Data Scientist

Technology

Apply Now

Blue Sky is a Indian Climate-tech startup that combines the power of AI & Satellite data to create environmental data-sets.

Our first 2 data-sets on Air Quality & Crop Fires have been awarded by MIT, the European Space Agency while our funders include the Patrick McGovern Foundation, Schmidt Futures & Tata Trusts.
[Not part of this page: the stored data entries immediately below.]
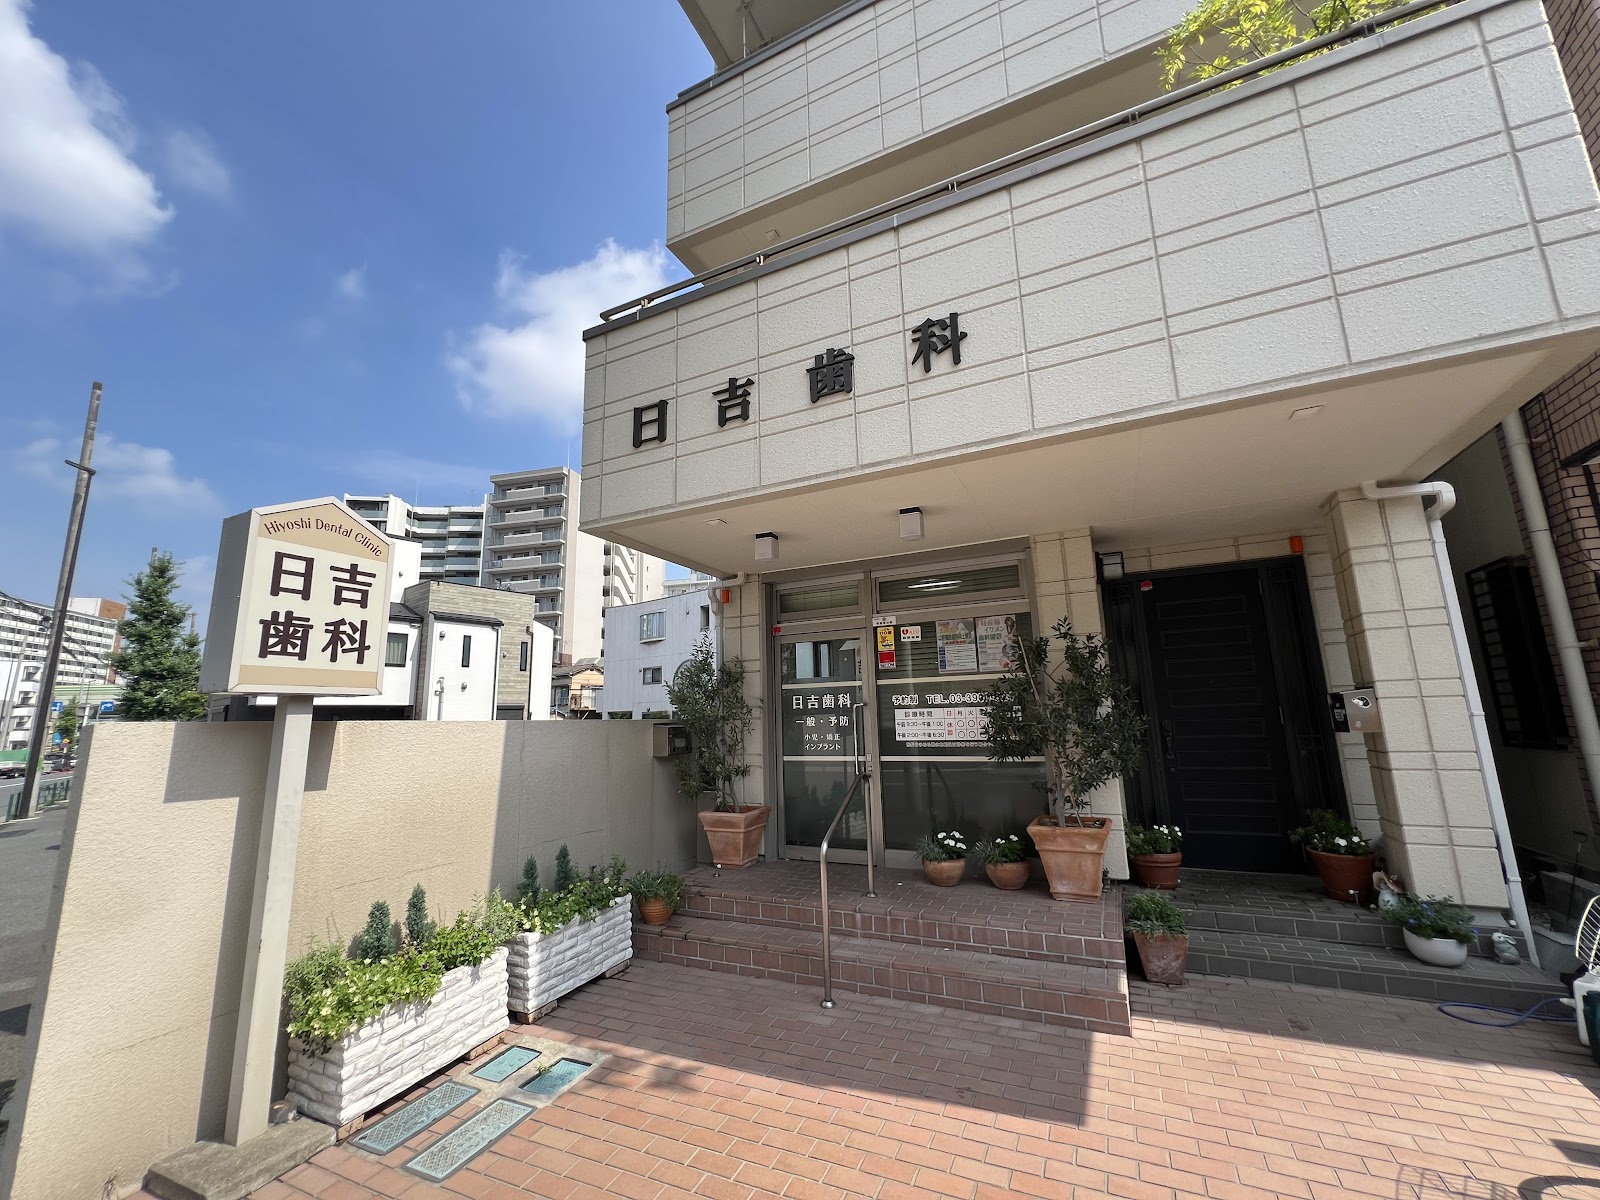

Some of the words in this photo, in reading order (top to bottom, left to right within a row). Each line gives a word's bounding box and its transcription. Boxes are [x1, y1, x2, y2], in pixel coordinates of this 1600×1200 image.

[633, 312, 968, 448] 日吉歯科
[264, 517, 311, 535] Hiyoshi
[315, 518, 353, 538] Dental
[354, 532, 383, 557] Clinic
[270, 551, 377, 609] 日吉
[258, 610, 371, 665] 歯科
[792, 692, 852, 710] 日吉歯科
[796, 715, 850, 727] 一般・予防
[804, 743, 841, 751] インプラント
Over the next 12 months, we aim to expand to 10 environmental data-sets spanning water, land, heat etc. We are looking to grow our data science team to power this expansion.

Responsibilities:

  • Develop dataframes & automated pipelines of merging and cleaning data from multiple sources.
  • Develop training and cross-validation data sets for machine learning algorithms.
  • Deploy machine learning models based on climate & geospatial science
  • Work cross-functionally with software engineers to integrate data science models into production pipelines.
  • Help develop, improve, and evangelize our data science knowledge base and infrastructure.
  • Develop training and cross-validation data sets for machine learning algorithms.
  • Deploy data science models and work cross-functionally with software engineers to integrate data science models into production pipelines.
  • Iterate rapidly on everything; all of the above happens in a relatively fast paced business driven environment, and you must be comfortable with that
  • Help develop, improve, and evangelize our data science knowledge base and infrastructure

What we expect in a Data Scientist:

  • Ability to curate and analyse vast amount of geospatial datasets such as satellite imagery, elevation data, meteorological datasets, openstreetmaps, demographic data, socio-econometric data and topography to extract useful insights about the events happening on our planet.
  • Must know how to handle large image and location datasets, how to visualise and query them, and how to use them for making predictions.
  • Must be familiar with geospatial libraries such as GDAL and rasterio to read/write the data, a GIS software such as QGIS for visualisation and query, and basic machine learning algorithms to make predictions.
  • Apply best practices in GIS to manage geospatial data.
  • Must research source documents to resolve missing or conflicting data
  • Experience working with and creating data architectures. (Qualification)
  • Must have worked with raster and vector datasets , performed raster analytics.
  • Producing maps showing the spatial distribution of various kinds of data, including emission statistics and pollution hotspots.
  • Develop innovative algorithms and models with geospatial data to solve global environmental problems like tracking depleting water levels in lakes in India, illegal tree logging, tracking oil spills in oceans etc.
  • Develop trend analysis and forecasting models and may design, develop, or maintain more complex data layers and data sets.
  • Knowledge of advanced statistical techniques and concepts (regression, properties of distributions, statistical tests and proper usage, etc.) and experience with applications.
  • Develop processes and tools to monitor and analyze model performance and data accuracy.
  • You will work closely with data engineers, data scientists, software developers and colleagues from other business functions.
  • Must have ability to prepare reports and give their professional opinion to explain geographic trends and findings to clients and other team members
  • Excellent written and verbal communication skills for coordinating across teams.

Skills & Qualifications:

  • Min 1 year of experience
  • Demonstrable experience implementing efficient neural network models and deploying them in a production environment
  • Excellent coding skills in python (including deep familiarity with NumPy, SciPy, pandas)
  • Significant experience with git, GitHub, SQL, AWS (S3 and EC2)
  • An ability to communicate complex data science concepts and results in a readily-understood manner
  • Minimum two years of demonstrable industry experience working with large and noisy datasets.
  • Degree in a STEM field (e.g., statistics, machine learning, computer science, engineering)
  • QGIS & GIS experience is a bonus
  • Technical Skills - Python/R , Hadoop Platform/Apache Spark, SQL Database/Coding, Machine Learning skills like Supervised machine learning, Unsupervised machine learning, Time series, Natural language processing, Outlier detection, Computer vision, Recommendation engines, Survival analysis, Reinforcement learning, and Adversarial learning. Data Visualisation using ggplot, d3.js and Matplottlib, and Tableau.